Please give an exact printout of the records, without any pictures.

*** Opening Given entries ***

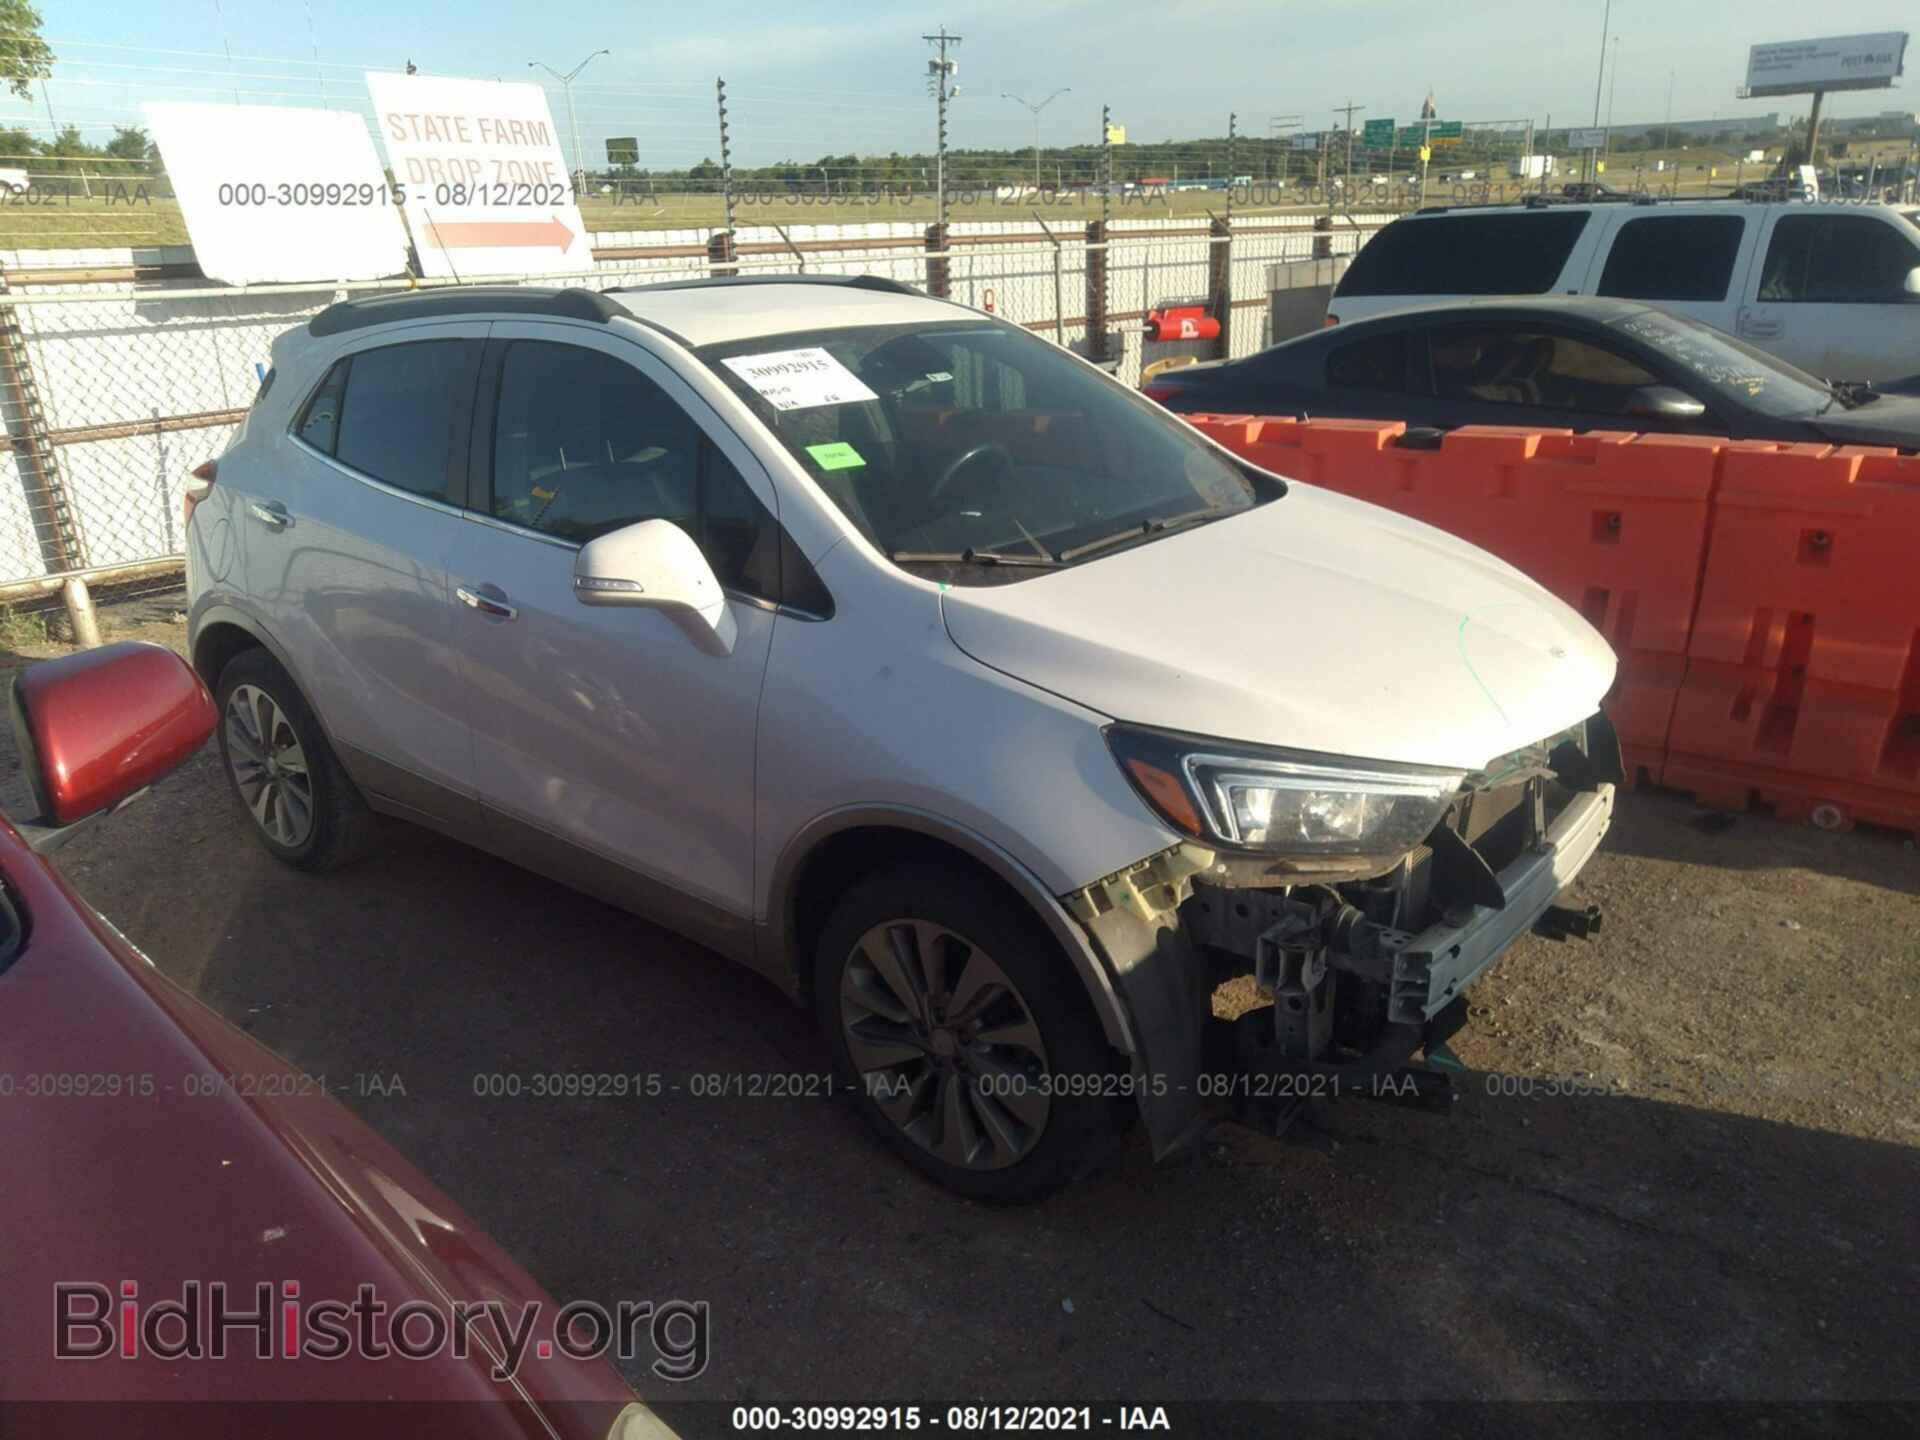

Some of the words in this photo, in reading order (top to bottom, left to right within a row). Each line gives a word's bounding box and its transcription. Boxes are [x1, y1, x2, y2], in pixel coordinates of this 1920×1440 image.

[387, 112, 473, 144] STATE
[478, 116, 552, 147] FARM
[404, 155, 482, 185] DROP
[489, 158, 558, 187] ZONE

*** Closing Given entries ***

*Answer space:*
Some of the words in this photo, in reading order (top to bottom, left to right within a row). Each line gives a word's bounding box and its transcription. Boxes are [x1, y1, x2, y2], in pixel coordinates of this 1920×1440 image.

[387, 112, 473, 144] STATE
[478, 116, 552, 147] FARM
[404, 155, 482, 185] DROP
[489, 158, 558, 187] ZONE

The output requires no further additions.